Spring announces itself in many different ways. In the London Market, as my millions of social media followers know, it is not until I have posted a photograph of the #LIIBAMagnolia in full bloom that winter can be formally called to a close.

In wider society I always work on the basis that you need to get through the Boat Race, the Masters and the Grand National. But in the heady world of the insurance intermediary trade association community, the key event is the annual meeting of the World Federation of Insurance Intermediaries (WFII). This took place at the beginning of March in Singapore. And so it is with a spring in my step that I can bring you news of the global issues facing our industry.

The key measure of the value of organisations, such as WFII, is their influence. And that in turn is reflected by who turns up to meet with us. So I am pleased to report that WFII is in rude health. In Singapore, we were joined by Yoshihiro Kawai, chair of the OECD-Insurance and Private Pensions Committee (IPPC); and by senior policy people for the International Association of Insurance Supervisors who dialled in on a Saturday morning as they were preparing for their own annual meeting starting on the Monday.

So, the two most influential supra-national bodies overseeing our industry made a special effort to hear what we have to say. And, as I have said before (see rants passim in this column), as these regulatory bodies exist some distance from any day-to-day accountability, it is important to have this dialogue so that potentially damaging ideas might be stopped at source – before they begin their inexorable drift through regional regulatory forums, such as EIOPA, into national regulatory handbooks.

WFII is also a chance to observe common themes across global markets. Most obvious at the moment is a renewed regulatory focus on broker remuneration. From a Royal Commission in Australia, to the EU’s Retail Investment Strategy, to some of the discussion around multi-occupancy buildings in the UK, regulators are questioning commission as a method of payment. Indeed they can use quite incendiary language when mentioning it; EU Commissioner Mairead McGuiness, for example, has a tendency to talk about “biased advice” and “inducements”, sometimes even “kick-backs”. Which is, arguably, not helpful. Our counter is that what is important is the best outcome for clients.

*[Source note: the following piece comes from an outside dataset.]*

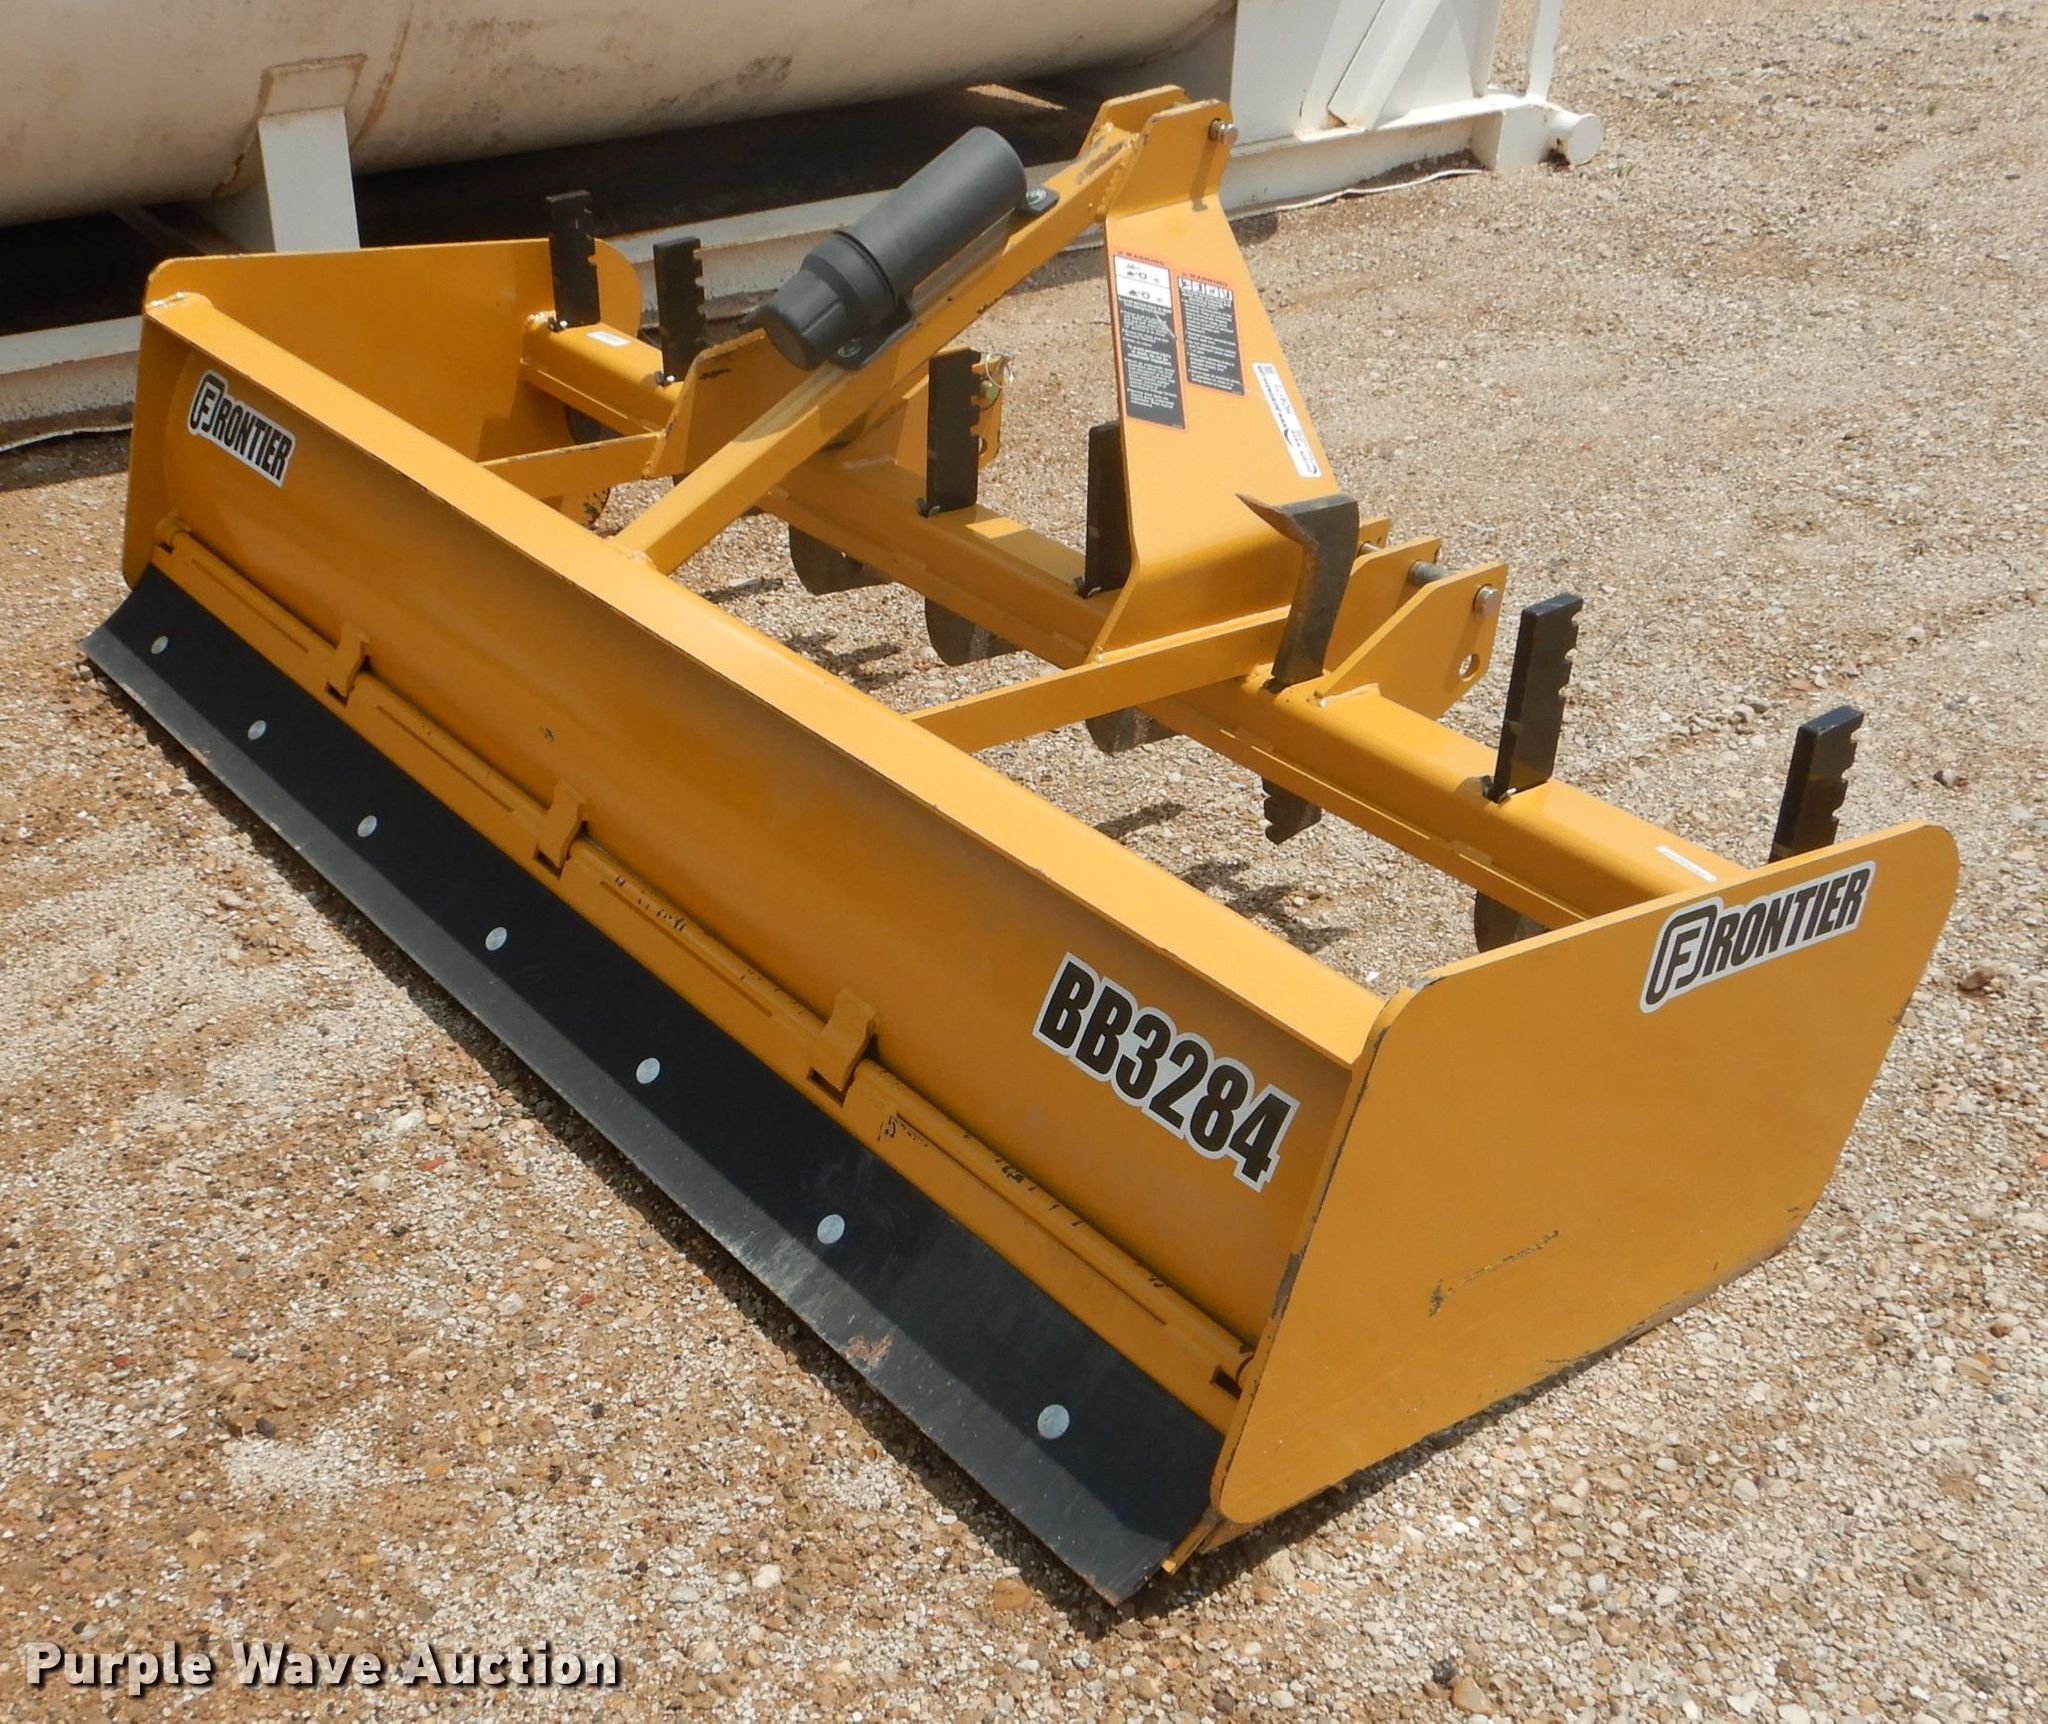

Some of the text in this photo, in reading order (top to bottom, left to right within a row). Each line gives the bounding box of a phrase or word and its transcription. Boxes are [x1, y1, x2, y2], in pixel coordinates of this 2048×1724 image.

Look at countries in which commission bans have been implemented – such as the UK or Netherlands – and the lesson is such bans create an advice gap. And that means consumers make less informed decisions and sub-optimal purchases. Absolutely let us ensure that the end-customer understands how their broker is being paid and is comfortable with that and can assess the value. But don’t deliver damage to the very consumer you are there to protect through some populist regulatory zeal. And, while the focus is currently on the provision of advice around insurance-based investment products, and thus a little bit away from LIIBA members’ main territory, it has the potential to spread to non-life insurance if we do not effectively stand our ground now.

Intriguingly, when regulators are not dabbling with the creation of an advice gap, they are concerned about potentially emerging protection gaps – particularly in the areas of cyber and extreme weather-related products. These are huge challenges, but also significant opportunities, for our industry. There may well be a role for public-private partnerships to deliver the right solutions. And they are certainly areas in which the focus should be as much on building resilience into the front end of operations to mitigate risk as it is on providing insurance capacity when things go wrong. So conversations with OECD and IAIS will be hugely valuable to ensure that regulatory attention is helpful in allowing the industry to come up with the right answer and does not seek to create that answer itself.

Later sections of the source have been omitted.